- TASK DIRECTIONS: Output the data below exactly. Leave nothing out.

** INPUT follows **

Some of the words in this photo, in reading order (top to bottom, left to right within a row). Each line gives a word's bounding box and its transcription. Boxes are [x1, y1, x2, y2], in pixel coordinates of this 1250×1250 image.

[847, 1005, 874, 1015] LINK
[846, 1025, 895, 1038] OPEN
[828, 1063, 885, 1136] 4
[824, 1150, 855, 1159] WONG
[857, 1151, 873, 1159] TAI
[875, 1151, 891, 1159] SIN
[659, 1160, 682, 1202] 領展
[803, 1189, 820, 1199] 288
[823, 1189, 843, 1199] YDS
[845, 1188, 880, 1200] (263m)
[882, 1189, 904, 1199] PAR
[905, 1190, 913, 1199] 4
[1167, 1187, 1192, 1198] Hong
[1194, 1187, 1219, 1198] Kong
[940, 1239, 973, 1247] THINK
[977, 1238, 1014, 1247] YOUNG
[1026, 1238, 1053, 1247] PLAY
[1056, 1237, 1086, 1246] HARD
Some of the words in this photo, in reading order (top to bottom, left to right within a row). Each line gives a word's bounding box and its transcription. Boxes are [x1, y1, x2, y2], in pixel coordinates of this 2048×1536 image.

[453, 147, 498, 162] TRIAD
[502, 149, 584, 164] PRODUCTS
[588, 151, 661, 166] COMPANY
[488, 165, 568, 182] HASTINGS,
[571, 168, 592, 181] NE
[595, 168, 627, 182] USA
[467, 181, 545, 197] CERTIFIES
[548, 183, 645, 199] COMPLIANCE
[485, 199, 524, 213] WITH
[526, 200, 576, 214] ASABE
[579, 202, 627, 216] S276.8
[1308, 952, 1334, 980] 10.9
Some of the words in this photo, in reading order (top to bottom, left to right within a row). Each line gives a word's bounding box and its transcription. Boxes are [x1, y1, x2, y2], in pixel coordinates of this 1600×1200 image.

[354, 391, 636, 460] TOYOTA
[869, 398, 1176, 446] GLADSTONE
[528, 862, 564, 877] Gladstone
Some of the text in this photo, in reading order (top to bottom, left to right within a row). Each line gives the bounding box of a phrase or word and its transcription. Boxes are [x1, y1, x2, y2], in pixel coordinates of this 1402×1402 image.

** End of INPUT **

- ANSWER FOR THE TASK:
Some of the words in this photo, in reading order (top to bottom, left to right within a row). Each line gives a word's bounding box and its transcription. Boxes are [x1, y1, x2, y2], in pixel coordinates of this 1250×1250 image.

[847, 1005, 874, 1015] LINK
[846, 1025, 895, 1038] OPEN
[828, 1063, 885, 1136] 4
[824, 1150, 855, 1159] WONG
[857, 1151, 873, 1159] TAI
[875, 1151, 891, 1159] SIN
[659, 1160, 682, 1202] 領展
[803, 1189, 820, 1199] 288
[823, 1189, 843, 1199] YDS
[845, 1188, 880, 1200] (263m)
[882, 1189, 904, 1199] PAR
[905, 1190, 913, 1199] 4
[1167, 1187, 1192, 1198] Hong
[1194, 1187, 1219, 1198] Kong
[940, 1239, 973, 1247] THINK
[977, 1238, 1014, 1247] YOUNG
[1026, 1238, 1053, 1247] PLAY
[1056, 1237, 1086, 1246] HARD
Some of the words in this photo, in reading order (top to bottom, left to right within a row). Each line gives a word's bounding box and its transcription. Boxes are [x1, y1, x2, y2], in pixel coordinates of this 2048×1536 image.

[453, 147, 498, 162] TRIAD
[502, 149, 584, 164] PRODUCTS
[588, 151, 661, 166] COMPANY
[488, 165, 568, 182] HASTINGS,
[571, 168, 592, 181] NE
[595, 168, 627, 182] USA
[467, 181, 545, 197] CERTIFIES
[548, 183, 645, 199] COMPLIANCE
[485, 199, 524, 213] WITH
[526, 200, 576, 214] ASABE
[579, 202, 627, 216] S276.8
[1308, 952, 1334, 980] 10.9
Some of the words in this photo, in reading order (top to bottom, left to right within a row). Each line gives a word's bounding box and its transcription. Boxes are [x1, y1, x2, y2], in pixel coordinates of this 1600×1200 image.

[354, 391, 636, 460] TOYOTA
[869, 398, 1176, 446] GLADSTONE
[528, 862, 564, 877] Gladstone
Some of the text in this photo, in reading order (top to bottom, left to right within a row). Each line gives the bounding box of a phrase or word and its transcription. Boxes are [x1, y1, x2, y2], in pixel coordinates of this 1402×1402 image.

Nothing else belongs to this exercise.